The problem
Which lines of the records below contain the word "will"? Copy each of them out.

Exercise material Block Start

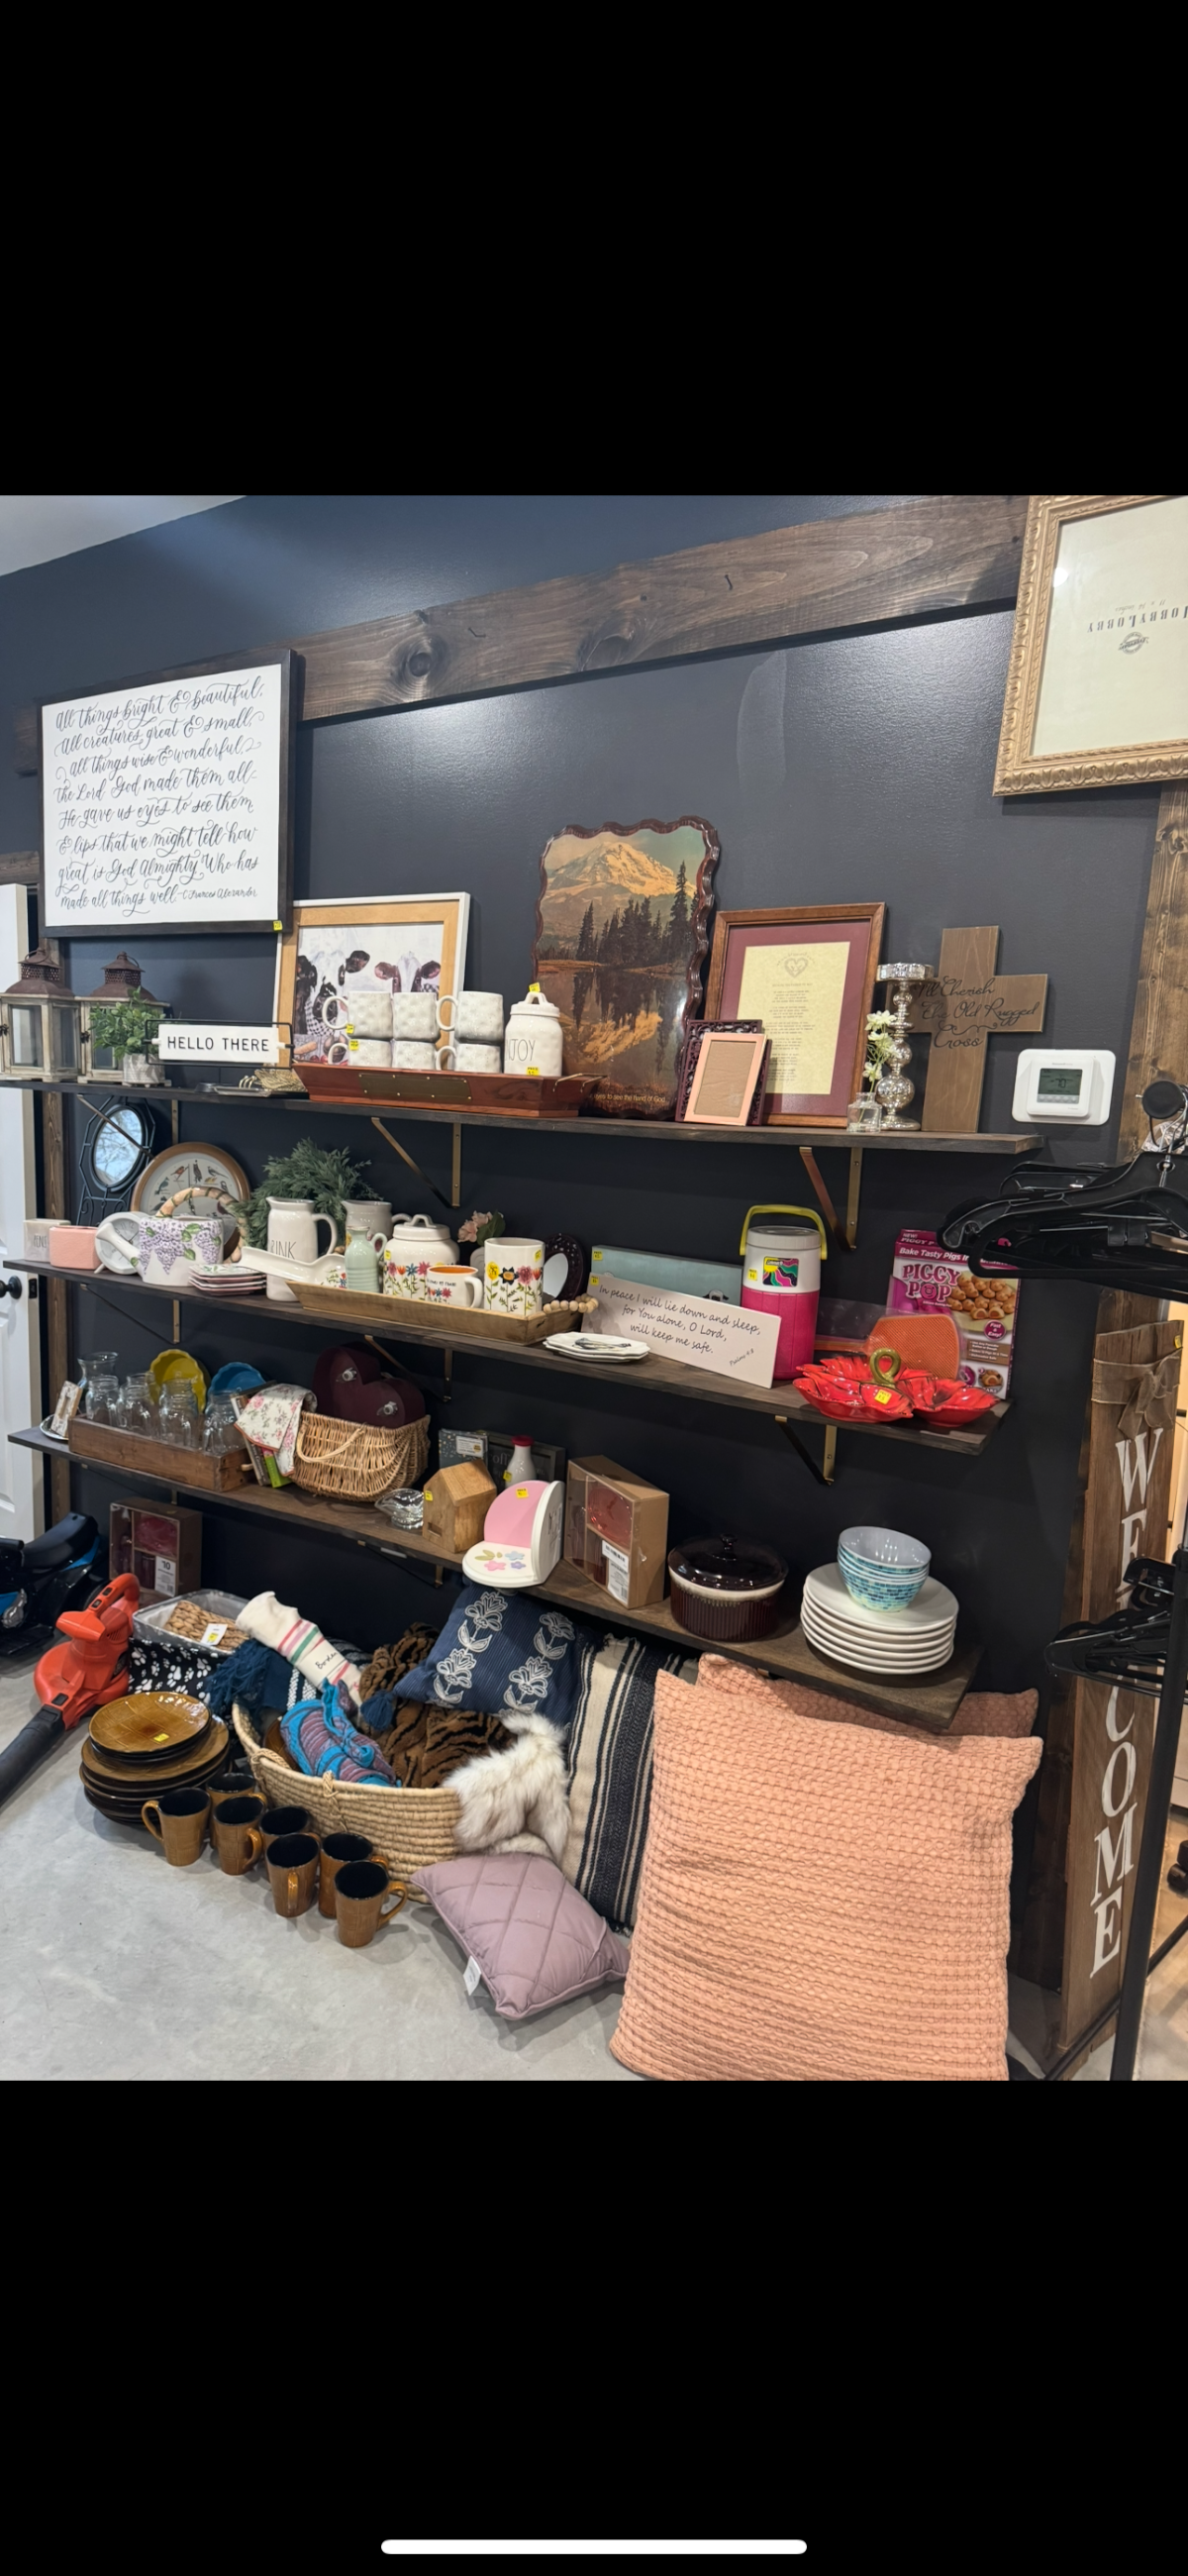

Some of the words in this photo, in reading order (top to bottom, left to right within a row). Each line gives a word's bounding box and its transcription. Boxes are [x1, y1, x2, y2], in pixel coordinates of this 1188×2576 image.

[76, 702, 123, 736] things
[123, 694, 170, 730] bright
[167, 689, 191, 714] &
[185, 675, 264, 710] beautiful,
[83, 727, 143, 750] creatures
[183, 715, 204, 738] &
[89, 747, 129, 780] things
[132, 754, 157, 769] wise
[158, 745, 174, 767] &
[76, 778, 105, 801] Lord
[111, 774, 142, 798] God
[144, 769, 182, 791] made
[180, 767, 225, 788] them
[58, 808, 81, 830] He
[79, 808, 116, 829] gave
[117, 805, 136, 821] us
[136, 800, 170, 827] eyes
[171, 793, 193, 815] to
[191, 798, 213, 812] see
[56, 835, 73, 855] &
[71, 835, 98, 859] lips
[98, 831, 136, 853] that
[132, 836, 148, 852] we
[150, 826, 194, 858] might
[195, 820, 226, 847] tell
[227, 821, 257, 844] how
[55, 857, 95, 897] great
[92, 865, 106, 880] is
[106, 859, 139, 882] God
[201, 853, 232, 874] Who
[234, 849, 258, 872] has
[60, 888, 89, 910] made
[92, 889, 109, 908] all
[109, 881, 149, 917] things
[940, 976, 995, 996] Cherish
[922, 999, 950, 1020] The
[953, 1000, 982, 1019] Old
[984, 997, 1040, 1027] Rugged
[167, 1036, 215, 1050] HELLO
[222, 1037, 270, 1052] THERE
[934, 1021, 991, 1049] Cross
[899, 1247, 919, 1256] Bake
[921, 1249, 942, 1260] Tasty
[942, 1252, 961, 1263] Pigs
[902, 1263, 962, 1287] PIGGY
[905, 1281, 952, 1302] POP
[599, 1285, 610, 1294] In
[610, 1288, 635, 1300] peace
[636, 1293, 641, 1302] I
[643, 1295, 662, 1308] will
[664, 1299, 679, 1312] lie
[679, 1303, 708, 1319] down
[709, 1313, 731, 1325] and
[732, 1317, 761, 1336] sleep,
[622, 1303, 636, 1316] for
[639, 1307, 655, 1319] You
[655, 1313, 686, 1331] alone,
[689, 1321, 698, 1332] O
[699, 1324, 728, 1342] Lord,
[630, 1322, 649, 1336] will
[651, 1326, 674, 1343] keep
[675, 1336, 691, 1347] me
[691, 1341, 714, 1355] safe.
[730, 1353, 745, 1367] Psalms
[161, 1560, 171, 1571] 10
[1090, 1427, 1164, 1980] WECOME

Exercise material Block End

Solved problem
[643, 1295, 662, 1308] will
[630, 1322, 649, 1336] will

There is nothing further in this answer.